The experience of seeing color, such as red, is a complex biological and physical process. It begins with the light source and the physical properties of an object, culminating in a sophisticated interpretation by the human brain. The journey from a light wave hitting an object to the subjective perception of “red” involves specialized cellular hardware and intricate neural coding.
The Physics of Color and Wavelength
Light is a form of electromagnetic radiation, and the portion visible to the human eye occupies only a small band of the entire spectrum. The color we perceive depends directly on the wave’s length. Longer wavelengths correspond to colors at the red end of the spectrum, while shorter wavelengths correspond to colors like blue and violet.
The color red is associated with the longest wavelengths in the visible spectrum, typically ranging from about 620 to 750 nanometers (nm). When white light strikes an opaque object, the object’s molecular structure absorbs most wavelengths. The color we see is the particular wavelength the object reflects back toward our eyes; a red object absorbs most green and blue light while reflecting the longer red wavelengths.

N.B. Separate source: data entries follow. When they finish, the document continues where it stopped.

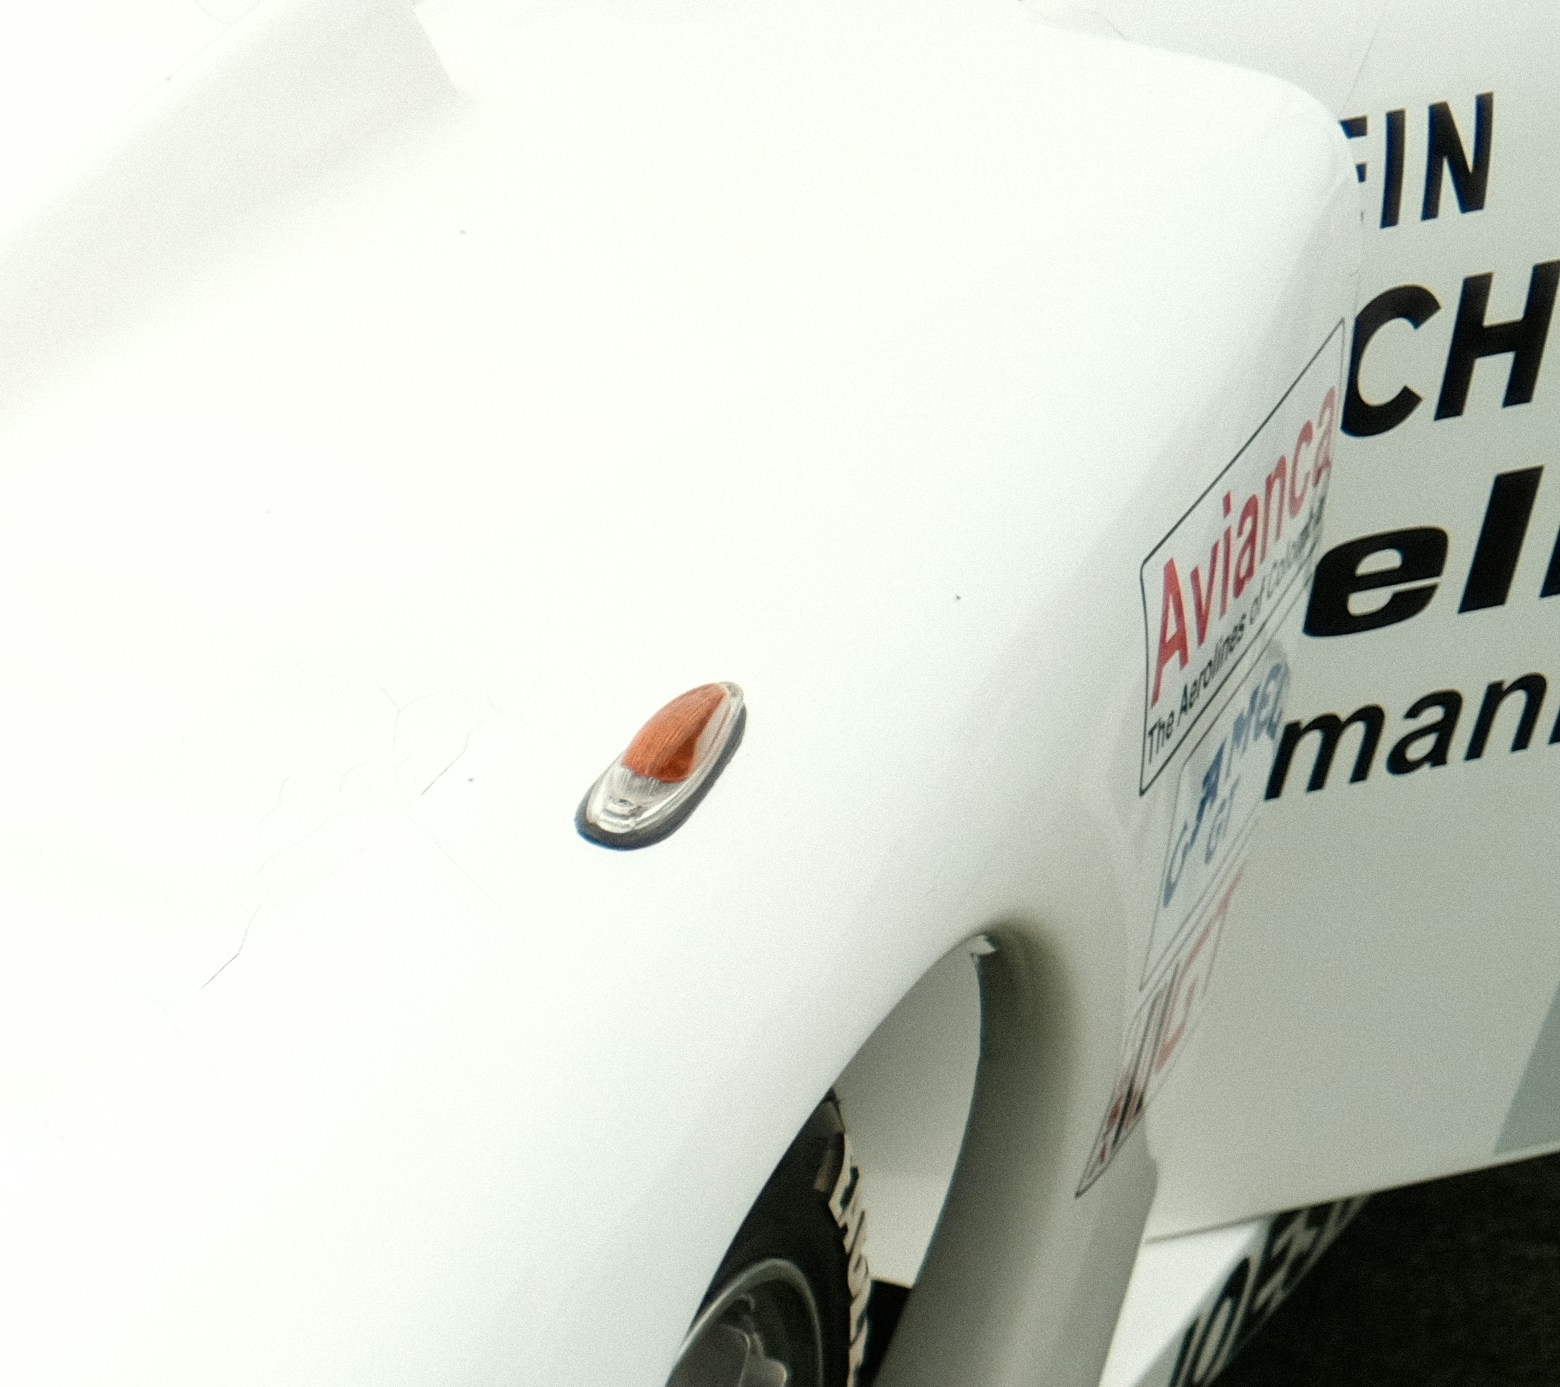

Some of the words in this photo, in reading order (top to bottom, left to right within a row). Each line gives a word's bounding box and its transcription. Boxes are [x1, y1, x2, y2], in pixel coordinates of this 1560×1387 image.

[1151, 386, 1336, 710] Avianca
[1302, 464, 1560, 637] el
[1148, 712, 1175, 764] The
[1177, 612, 1247, 717] Aerolines
[1264, 671, 1560, 801] man

The Eye’s Light-Sensing Structure
The reflected light must first pass through the lens and strike the retina, a layer of tissue at the back of the eye containing light-sensitive cells called photoreceptors. There are two types of photoreceptors: rods and cones, specialized for different visual tasks. Rods are highly sensitive to low light levels but cannot distinguish between wavelengths, which is why we see only shades of gray in the dark.
Color vision relies entirely on the cones, which require brighter light to function and are concentrated in the fovea, the central part of the retina. Humans possess three distinct types of cones, named for the wavelengths of light to which they are most sensitive: Short-wavelength (S-cones), Medium-wavelength (M-cones), and Long-wavelength (L-cones). Each cone type contains a different photopigment, which determines its spectral sensitivity. These three cone populations form the biological foundation for perceiving the full spectrum of colors.
The Specific Mechanism for Seeing Red
The perception of red is primarily driven by the L-cones, which contain a photopigment that peaks in sensitivity toward the long-wavelength end of the spectrum, around 560 nm. Although L-cones are often called “red” cones, their peak sensitivity is actually closer to yellow-green. They overlap significantly in their response curves with the M-cones, which peak around 530 nm.
True red perception is not solely the result of L-cones firing, but rather a differential comparison of signals between the two long-wavelength cone types. When light is pure red, it causes maximum excitation of the L-cones while only moderately activating the M-cones. The visual system interprets this specific ratio—a high signal from L-cones relative to M-cones—as the color red, distinguishing it from yellow or orange, which cause a more equal activation of both L and M cones.
How the Brain Interprets Color
The signals generated by the three types of cones travel through the optic nerve to the brain, where they are processed according to the opponent process theory of color vision. This theory states that cone signals are organized into three opposing channels: red-versus-green, blue-versus-yellow, and black-versus-white for brightness. The specific relative activation of the L and M cones feeds into the red-green opponent channel.
When the L-cones are strongly stimulated and the M-cones are less so, the signal is sent as “red,” while the opposite ratio signals “green.” This mechanism explains why we can see a yellowish-red or a bluish-green, but never a reddish-green, because the two colors are processed antagonistically by the same neural pathway. The final subjective experience of red is constructed from these opponent signals within the lateral geniculate nucleus and the visual cortex of the brain.